(Stored data entries)
● ● ● ● ●

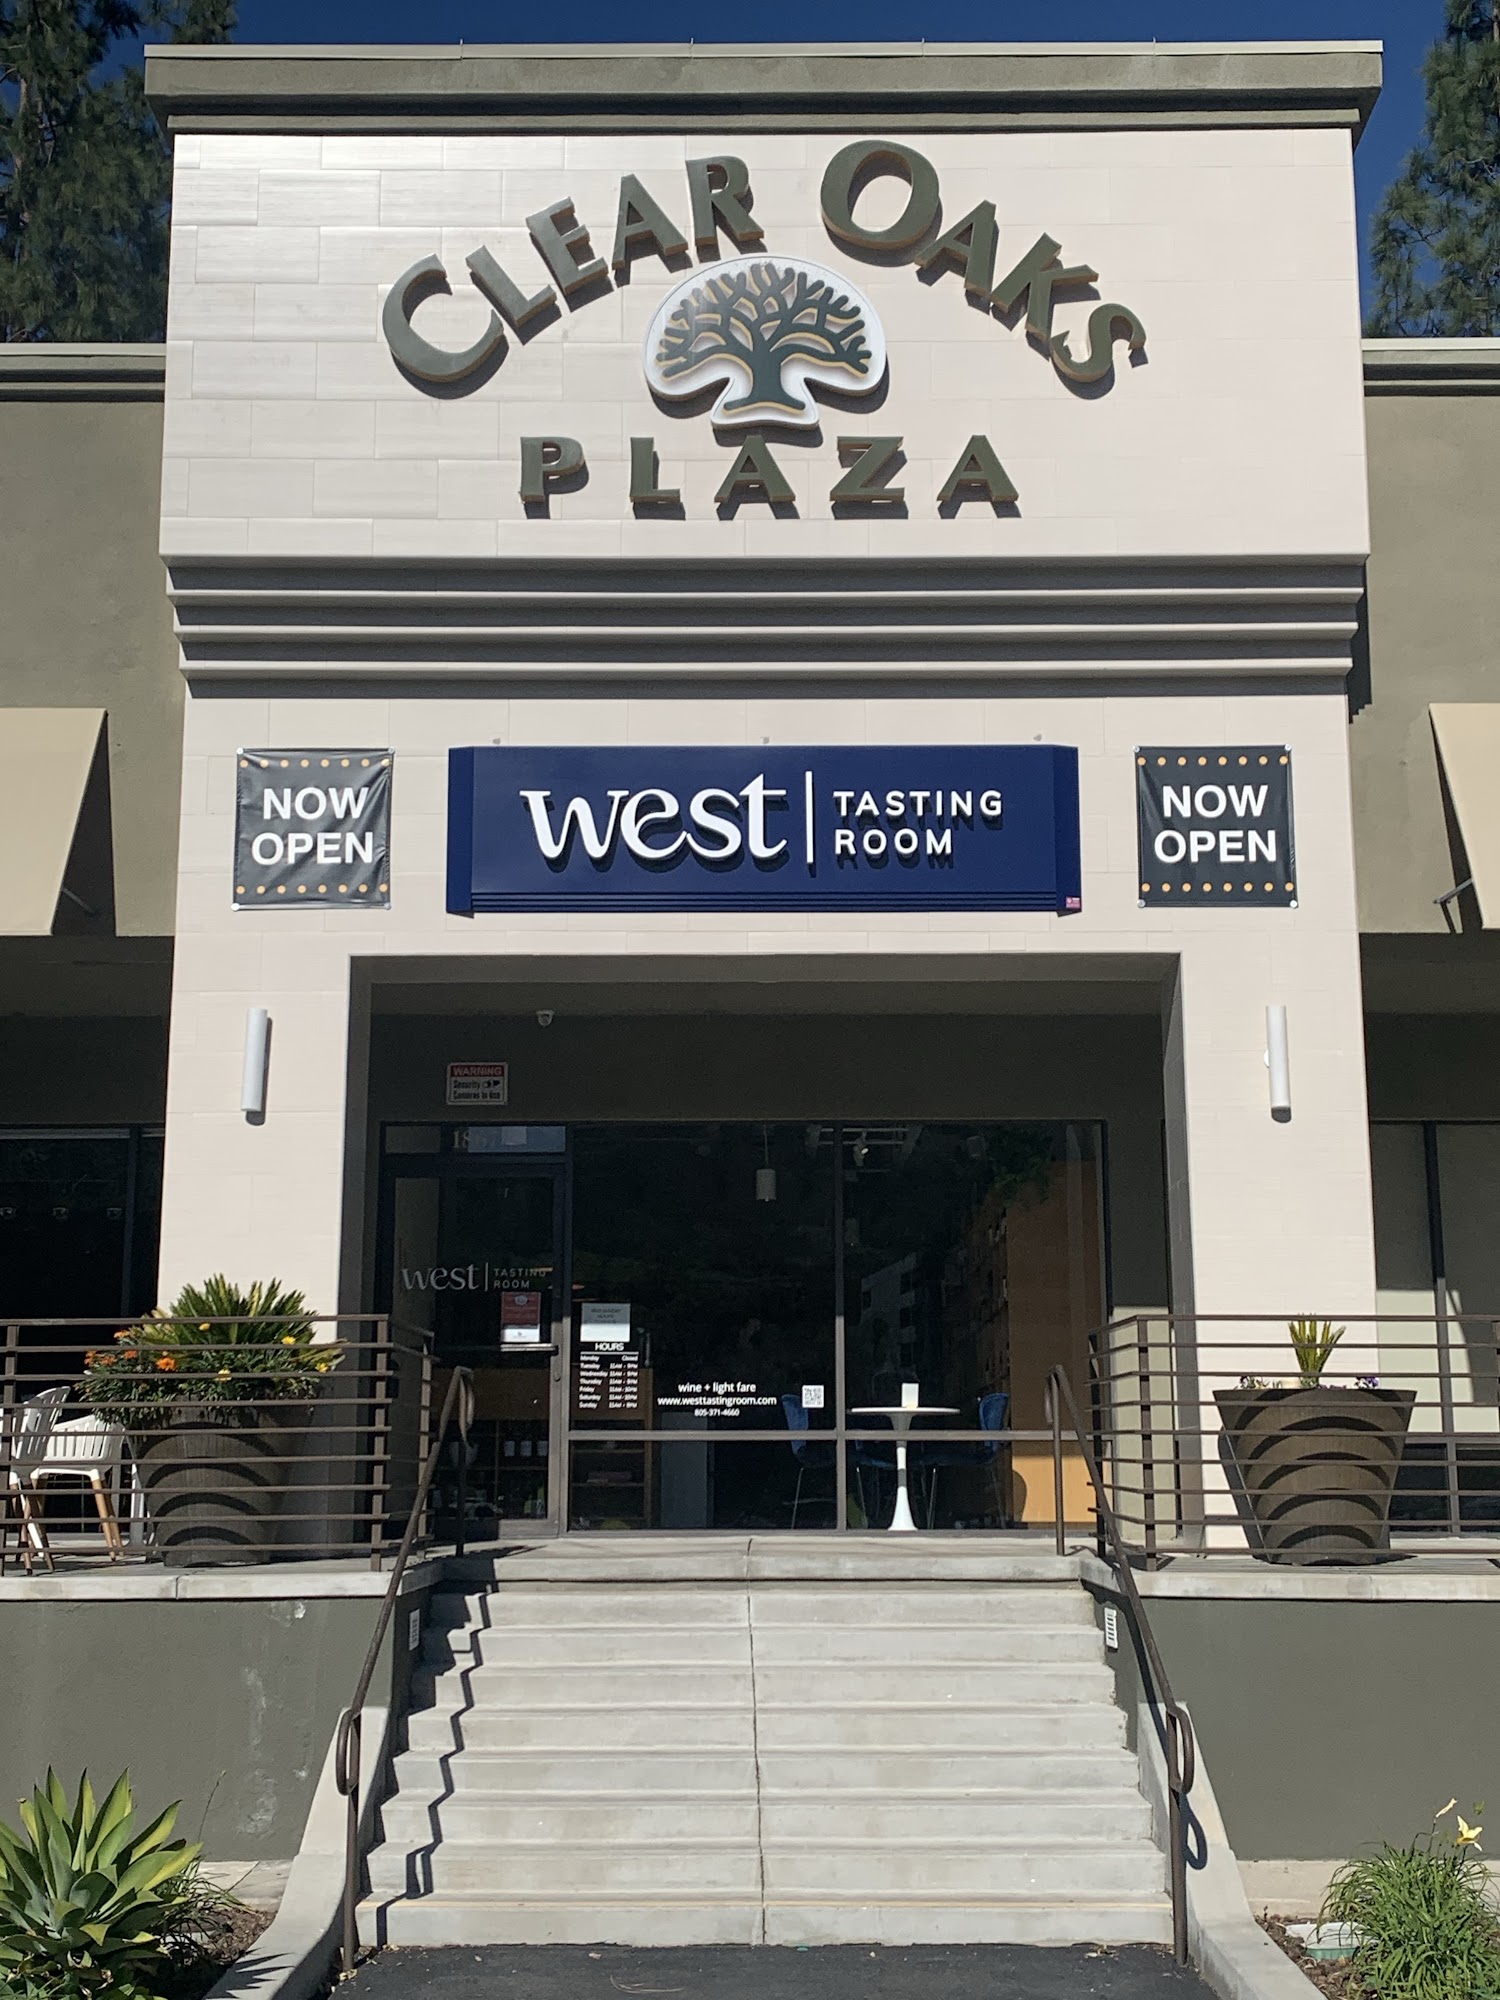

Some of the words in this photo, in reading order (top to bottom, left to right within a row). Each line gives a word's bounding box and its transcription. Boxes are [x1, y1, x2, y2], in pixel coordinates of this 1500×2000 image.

[382, 155, 765, 384] CLEAR
[820, 139, 1146, 383] OAKS
[520, 435, 1019, 504] PLAZA
[262, 786, 369, 820] NOW
[833, 789, 1003, 817] TASTING
[1161, 784, 1268, 818] NOW
[519, 772, 788, 861] west
[250, 831, 374, 865] OPEN
[834, 828, 954, 855] ROOM
[1153, 829, 1278, 863] OPEN
[453, 1066, 502, 1076] WARNING
[400, 1264, 480, 1291] west
[493, 1267, 547, 1277] TASTING
[493, 1279, 530, 1289] ROOM
[595, 1342, 624, 1351] HOURS
[678, 1382, 702, 1392] wine
[712, 1382, 735, 1394] light
[736, 1381, 757, 1392] fare
[657, 1396, 777, 1407] www.westtastingroom.com

● ● ● ● ●

Directions for this task:
Write out each entry word for word, images excluded.

Solution to this exercise:
Some of the words in this photo, in reading order (top to bottom, left to right within a row). Each line gives a word's bounding box and its transcription. Boxes are [x1, y1, x2, y2], in pixel coordinates of this 1500×2000 image.

[382, 155, 765, 384] CLEAR
[820, 139, 1146, 383] OAKS
[520, 435, 1019, 504] PLAZA
[262, 786, 369, 820] NOW
[833, 789, 1003, 817] TASTING
[1161, 784, 1268, 818] NOW
[519, 772, 788, 861] west
[250, 831, 374, 865] OPEN
[834, 828, 954, 855] ROOM
[1153, 829, 1278, 863] OPEN
[453, 1066, 502, 1076] WARNING
[400, 1264, 480, 1291] west
[493, 1267, 547, 1277] TASTING
[493, 1279, 530, 1289] ROOM
[595, 1342, 624, 1351] HOURS
[678, 1382, 702, 1392] wine
[712, 1382, 735, 1394] light
[736, 1381, 757, 1392] fare
[657, 1396, 777, 1407] www.westtastingroom.com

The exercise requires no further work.